Il n'est pas question d'oublier. Le passé, puisque nous l'avons vécu, s'est inscrit dans nos mémoires et ne saurait être remis en cause. Il n'appartient qu'à nous d'en tirer les leçons qu'il faut. Ceci fait, que reste-t-il ? Des souvenirs dérangeants, honteux, douloureux parfois, qui prennent le dessus sur tout le reste. Les rires, le nectar de nos amours, la bière avec les amis, le sourire de maman, les câlins de papa pour les plus chanceux... Exit les doux moments, la culpabilité l'interdit.
Je n'ai foi en rien d'autre que moi, mais puisqu'il faut, parce qu'il faut, je me confesse. Moi aussi, mes souvenirs me traquent. La nuit, lorsque je ferme les yeux, lorsque le silence s'empare de la pièce, je les entends. Ce sont des serpents qui m'enlacent et m'enserrent. Je les nomme Peur, Peine et Remords. Remords me rappelle mes faits et mes non-faits, toute la douleur qui aurait pu être épargnée si j'avais su trouver les mots, les actes ou les personnes qui en avaient le pouvoir. Peine est plus mauvais mais je le combats mieux. On m'a fait fardeau de ce mal et depuis, j'ai appris à le distribuer à mon tour à qui le mérite.
Ce combat de haine n'a que deux issues : la mort ou le pardon. Il faut être juste. Je lui pardonne parfois avec le temps, en gardant à l'esprit ce qu'il est.

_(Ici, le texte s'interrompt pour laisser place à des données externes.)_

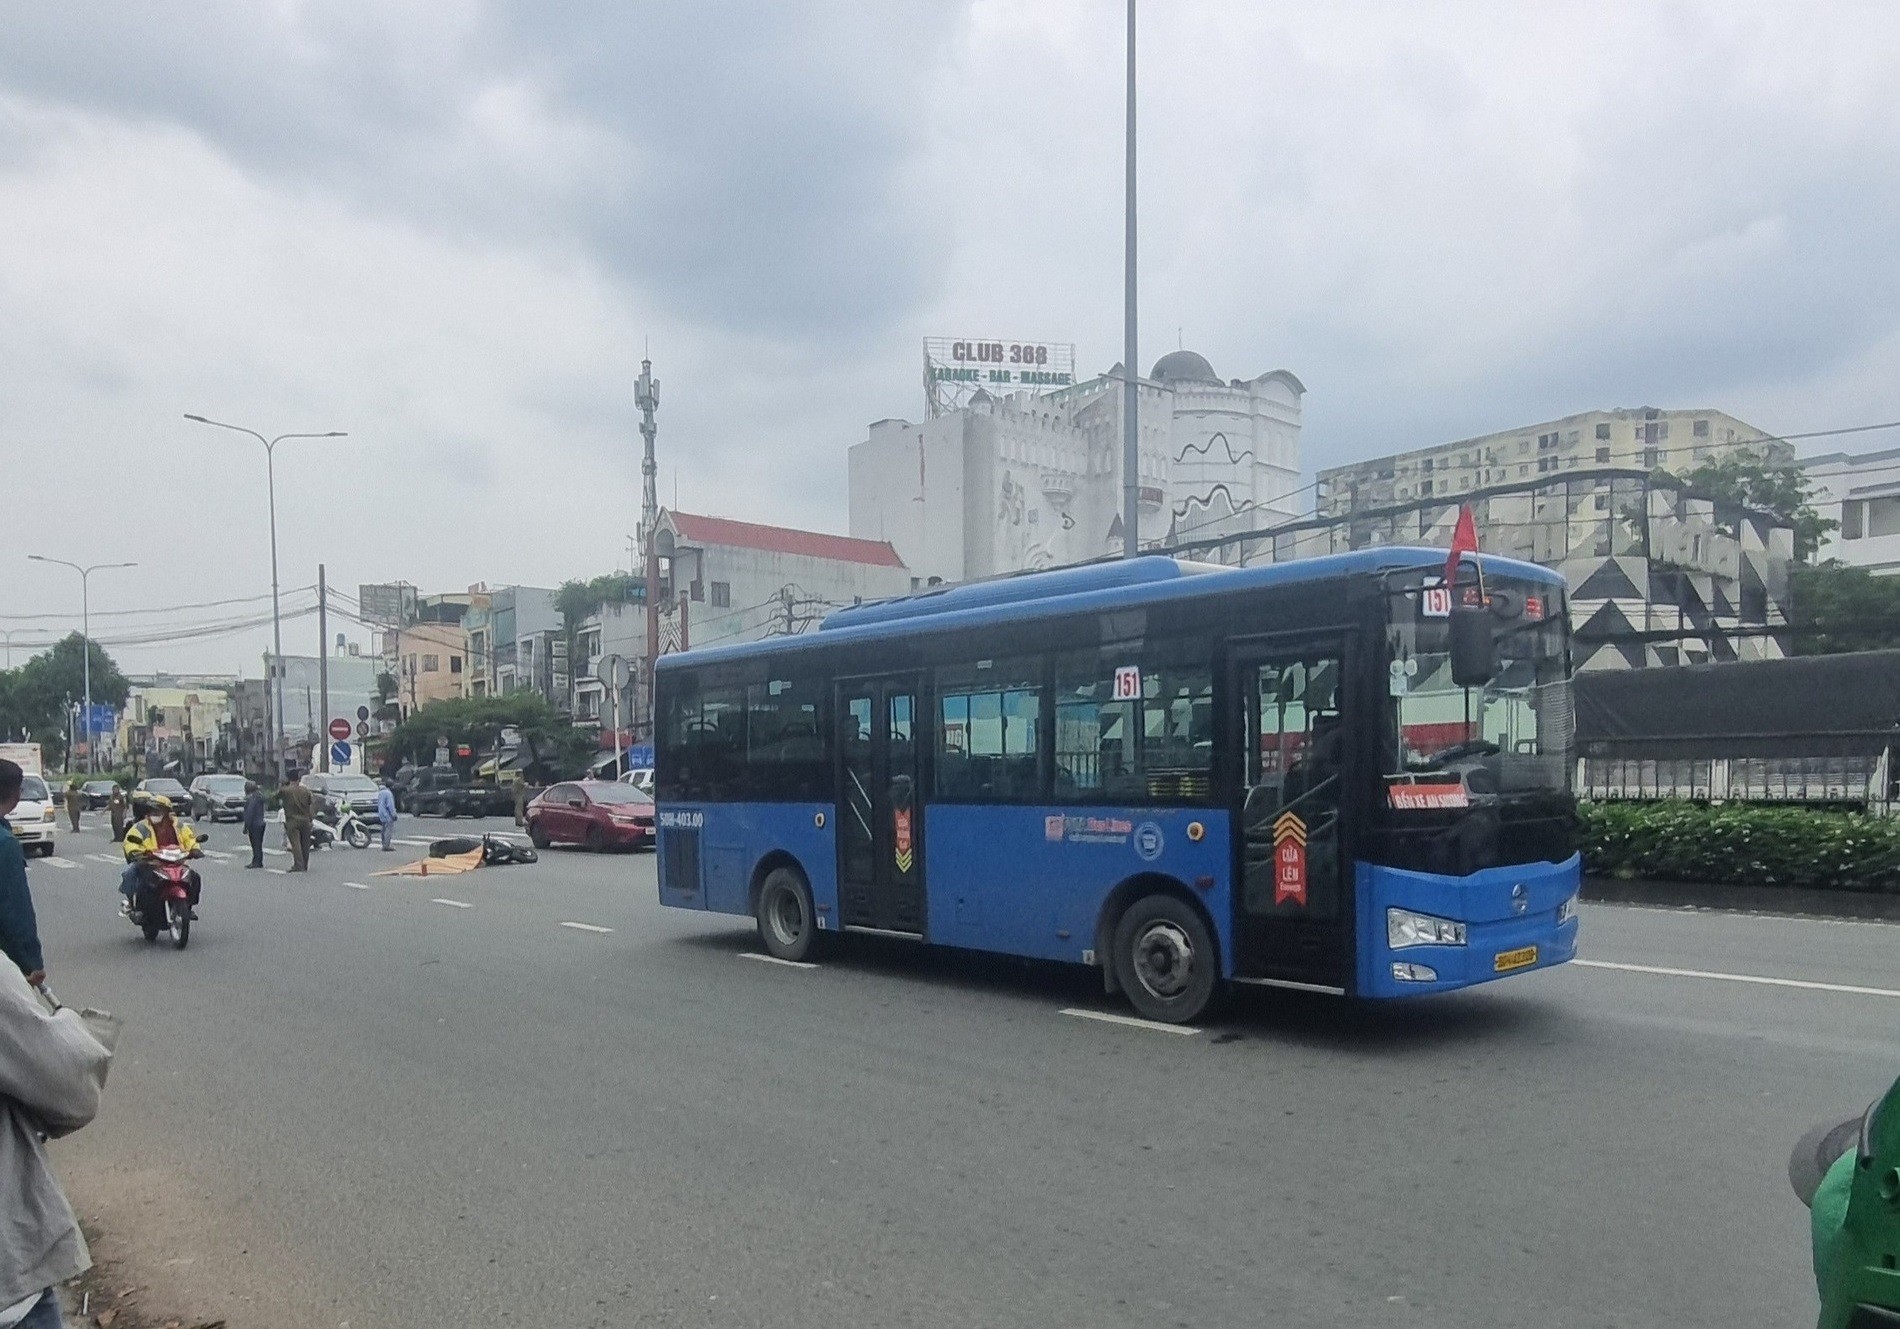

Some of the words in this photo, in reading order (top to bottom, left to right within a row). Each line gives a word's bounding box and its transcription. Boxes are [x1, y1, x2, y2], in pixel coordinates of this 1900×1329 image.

[952, 342, 1004, 362] CLUB
[1010, 344, 1047, 364] 368
[930, 366, 980, 382] KARAOKE
[989, 369, 1011, 383] BAR
[1020, 371, 1071, 385] MASSAGE
[1117, 672, 1137, 696] 151

Je me rappelle ce qu'il m'a fait. Mais quand arrivent les nouvelles années, les vieilles rancœurs n'ont plus de sens. D'autres fois, le passé me rattrape, et Peine avec. Il m'explique qu'elle n'a rien à faire ici et repart avec. Enfin, certains la combattent pour moi. Je crois que c'est le moment que je préfère. Et puis il y a Peur.

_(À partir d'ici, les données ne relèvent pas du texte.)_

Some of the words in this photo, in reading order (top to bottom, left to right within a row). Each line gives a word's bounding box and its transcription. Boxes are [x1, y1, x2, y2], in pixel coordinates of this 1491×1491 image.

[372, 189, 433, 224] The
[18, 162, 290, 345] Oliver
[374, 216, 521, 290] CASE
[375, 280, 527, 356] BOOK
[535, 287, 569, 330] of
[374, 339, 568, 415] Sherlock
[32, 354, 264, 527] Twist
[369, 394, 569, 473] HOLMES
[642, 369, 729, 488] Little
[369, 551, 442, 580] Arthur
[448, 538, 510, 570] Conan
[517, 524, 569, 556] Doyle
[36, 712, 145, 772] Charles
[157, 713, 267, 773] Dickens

Peur sillonne tous les aspects du temps, du passé au futur jusqu'à l'improbable. Elle défend son frère et sa sœur, c'est sans doute la plus grande preuve de famille qu'il m'ait été donné de voir. A peine sont-ils enfouis dans les méandres de ma mémoire que Peur les en déterre au détour d'un mot, d'une parole, d'une image... Donner la vie pour donner la mort, c'est ainsi que je le vois. Car on ne vit pas de ces maux, il faut les annihiler, les détruire entièrement pour finalement n'en garder qu'un tatouage sur l'esprit. Alors je saisis mon Remords et je finis ce que j'ai commencé. Je rattrape ma Peine et je termine le combat. Peur est aussi faible que moi à l'époque de Peine et Remords, et cruelle car elle sait que je gagne toujours contre les siens. Mais toujours elle revient.
Alors j'ai apprivoisé ce serpent, il est devenu un ami fidèle. Depuis, je lui cherche un nouveau nom car il a changé de fonction. S'il enlace mon bras, c'est pour mieux le guider contre sa famille haineuse. S'il enlace ma tête, c'est pour mieux orienter mon regard vers le futur et ne plus croiser leur chemin. Je me rappellerai toujours de qui il fut, et de ce qu'il fit. Son frère et sa sœur n'en finiront jamais de revenir, ni lui de les repousser. Pour le futur, j'ai besoin du passé. Pour le futur, j'ai besoin de Courage.